Former vice president Dr. Specioza Kazibwe informed parliament some 30 years ago that the regular obstruction of the city drainage system was a consequence of dietary disparities between native Ugandans and the immigrant Indians for whom the city was planned.
She continued, using her qualifications as a health expert, that the digestive waste of a normal Ugandan was six times higher than that of a typical Indian, therefore imposing tremendous strain on the sewage system. She may have exaggerated, but other traditional behaviors and attitudes have clearly played a role in making Kampala a horrible place to live in.
While some economists say that street selling offers a substantial form of livelihood for the jobless young and the lower class, some consider them a nuisance and define their presence as the “urbanization of those without capital,” according to World Bank statistics.
In1990, when Kampala was marking its centenary, the city and the country were too broke to throw a party, so the city management under Lord Mayor Christopher Iga, designated some five acres for preservation as green space near the city center and named it Centenary Park, for future generations to have some breathing space from whatever developments the future brought. But within a decade, Centenary Park had become an unattractive slum of frantic economic activity.

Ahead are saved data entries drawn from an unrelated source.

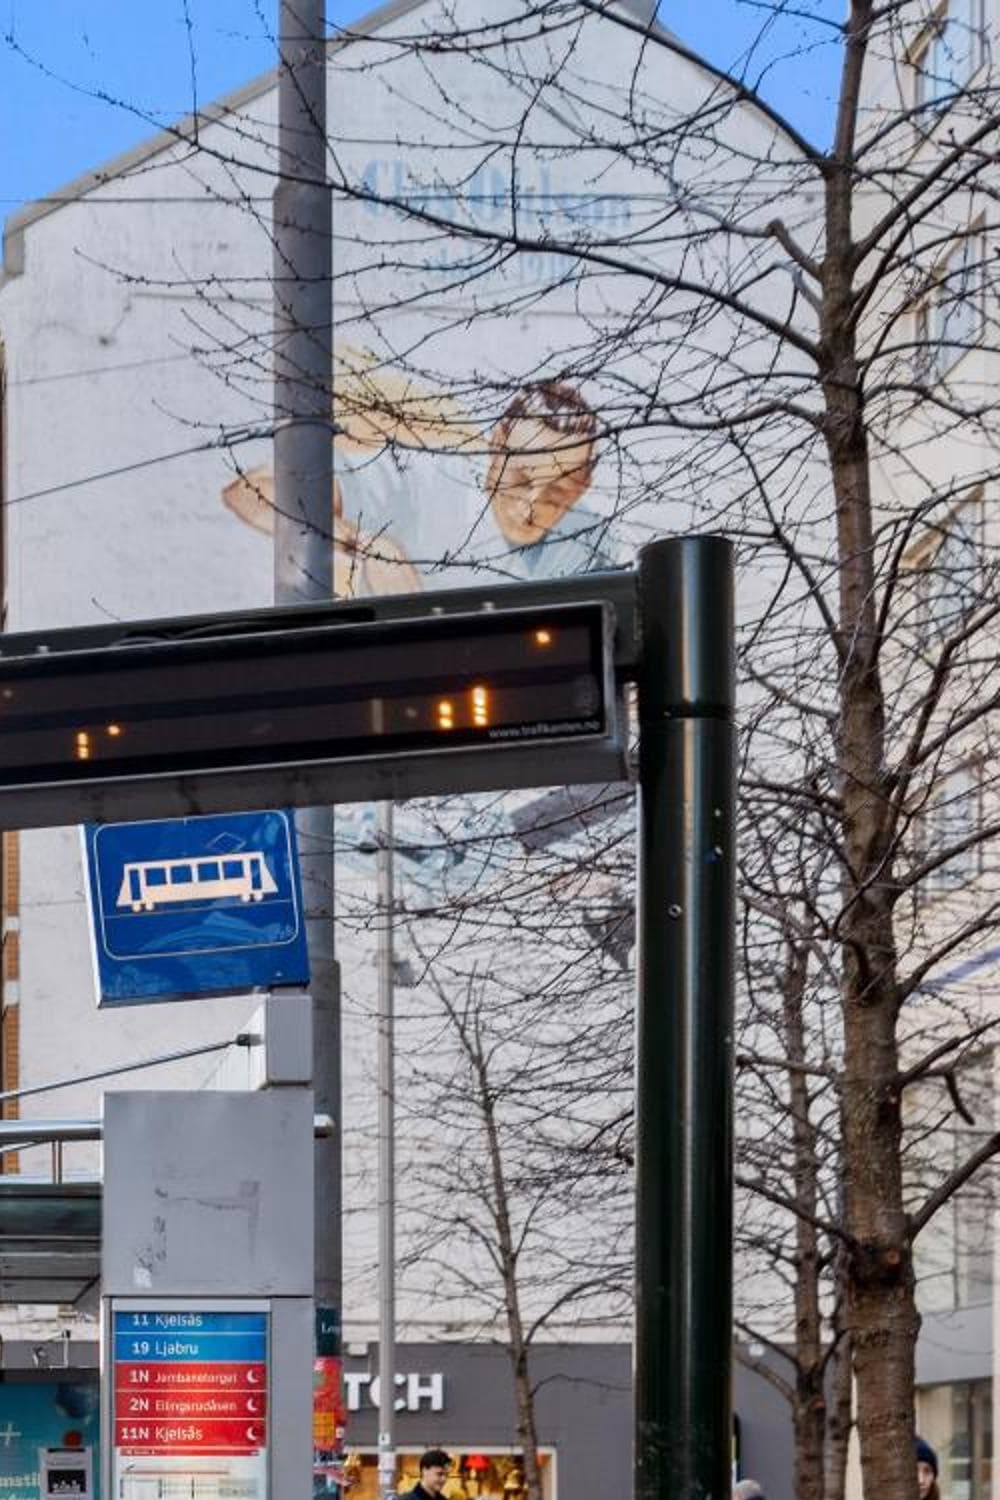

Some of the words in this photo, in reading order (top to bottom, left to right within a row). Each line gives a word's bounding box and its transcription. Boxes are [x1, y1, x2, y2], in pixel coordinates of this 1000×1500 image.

[132, 1314, 149, 1326] 11
[155, 1313, 203, 1328] Kjelsås
[132, 1341, 149, 1355] 19
[155, 1341, 199, 1357] Ljabru
[129, 1370, 149, 1383] 1N
[344, 1373, 443, 1411] TCH
[129, 1397, 149, 1411] 2N
[121, 1427, 149, 1440] 11N
[155, 1426, 203, 1442] Kjelsås

This is symptomatic of the physical planning disarray – or lack of it – that Kampala is caught in. But there is no scarcity of good ideas, that are nonetheless only uttered and not realized.

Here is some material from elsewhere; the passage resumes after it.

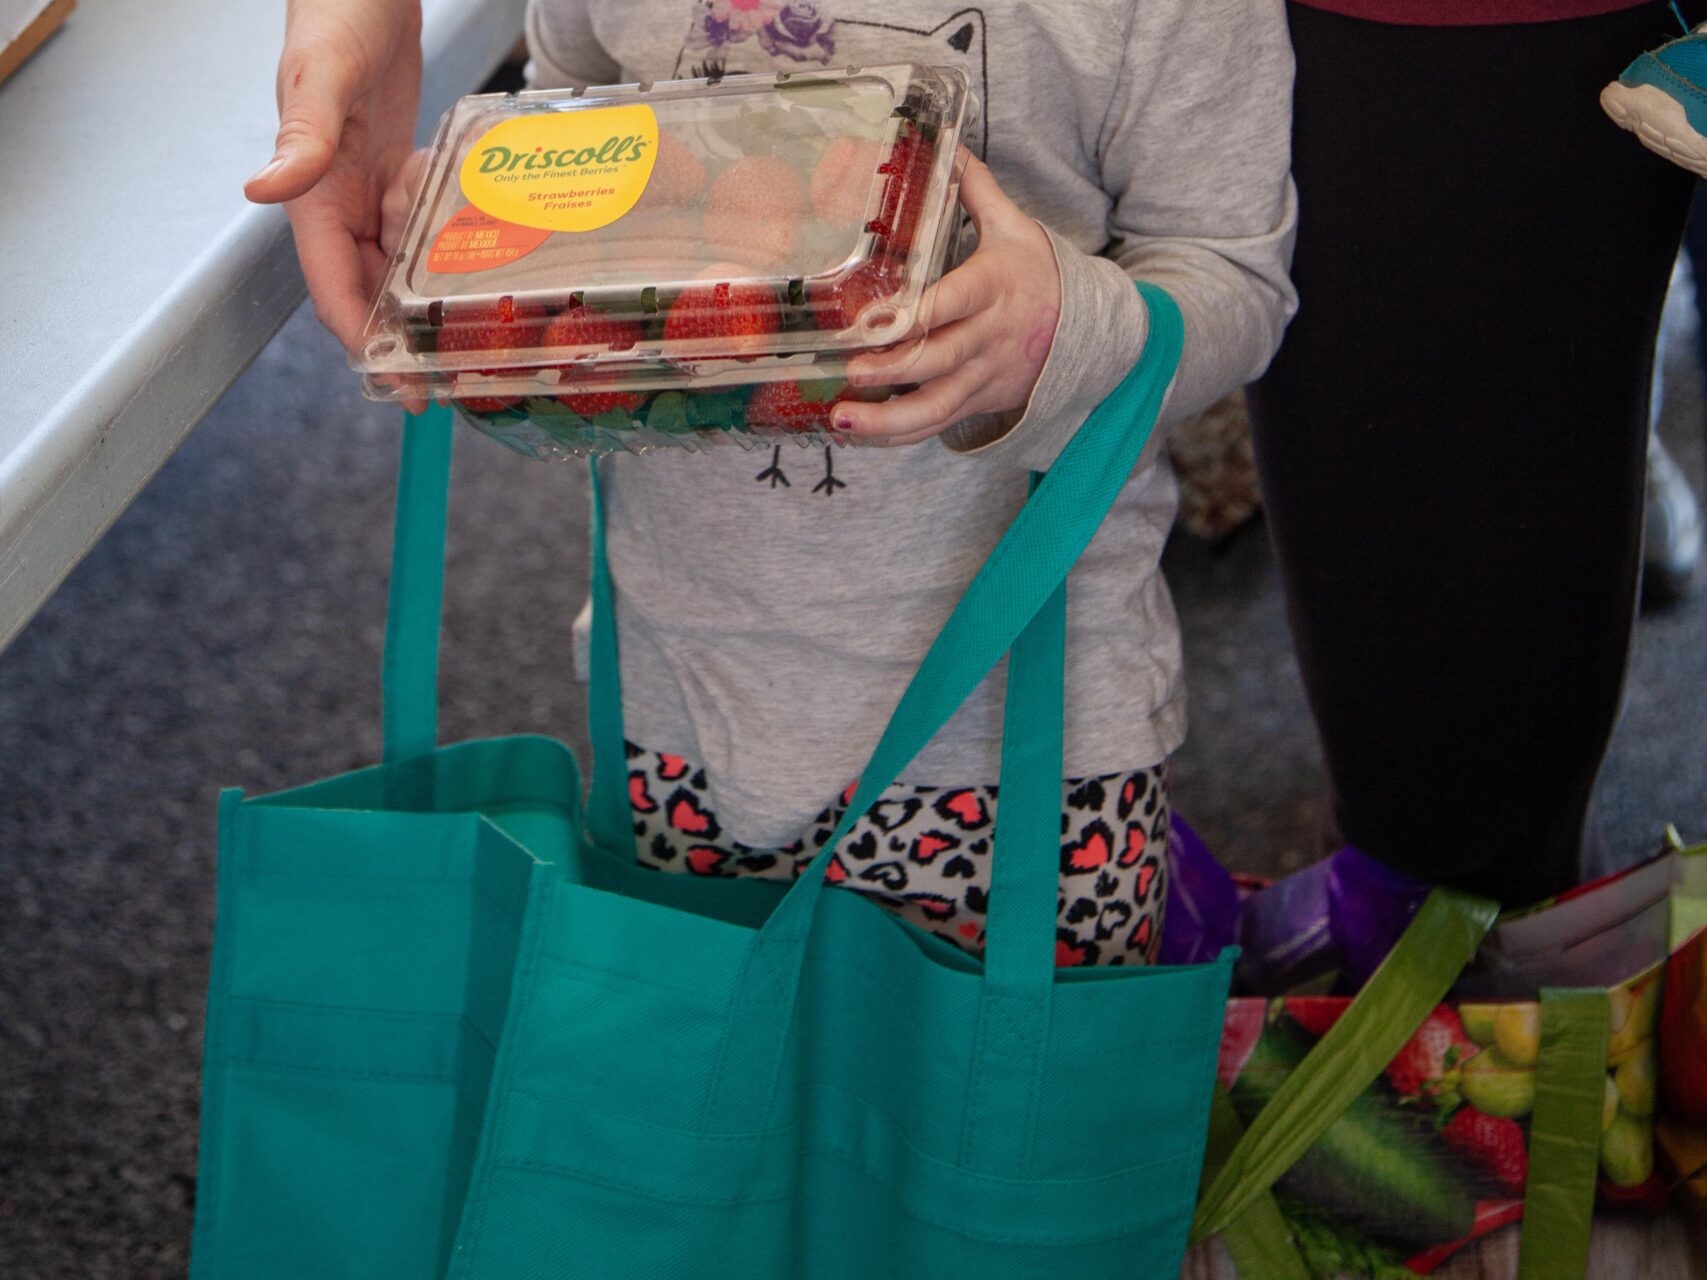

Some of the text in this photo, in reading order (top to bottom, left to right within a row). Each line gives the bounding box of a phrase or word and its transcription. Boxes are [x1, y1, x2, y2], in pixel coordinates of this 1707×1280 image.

[479, 134, 648, 174] Driscoll's
[494, 166, 619, 183] Only the Finest Berries
[528, 186, 616, 202] Strawberries
[543, 200, 593, 211] Fraises

There is for example the Greater Kampala Metropolitan Area planning organization that is cited from time to time and appears in certain World Bank papers. The GKMA primarily consists of the three districts of Wakiso, Mukono, and the central Kampala district city. The region has more than 6.7 million inhabitants.
Decongesting Kampala will be all the simpler by combining the ancient kingdom routes in Wakiso and Mukono, which ring Kampala city.
And the whole eastern side of these regions is all Lake Victoria, which would enable inexpensive and free maritime travel linking Masaka, Entebbe, Kampala, and Jinja towns. So, many “ifs” in Kampala’s growth and physical planning tale. But for now, one of Kampala’s claims to fame is as one of the world’s most polluted cities, frequently in the top six. Pollution kills around 60,000 individuals in the Greater Kampala Metropolitan Area every year, compared with COVID-19, which killed 3,000 in two years.
The vehicle pollution in Kampala is a tale for another day since the city is quickly running out of room to absorb the stationary rolling stock.
Last Monday, the police revealed that they are stuck with 5,015 Boda Bodas seized from wayward riders over the last year.
The owners have “refused” to claim them by evidence of documentation and paying the fee. So while Kampala observes the golden jubilee of its Africanisation, you don’t want to imagine what harm a fire during rush hour might cause in Kampala.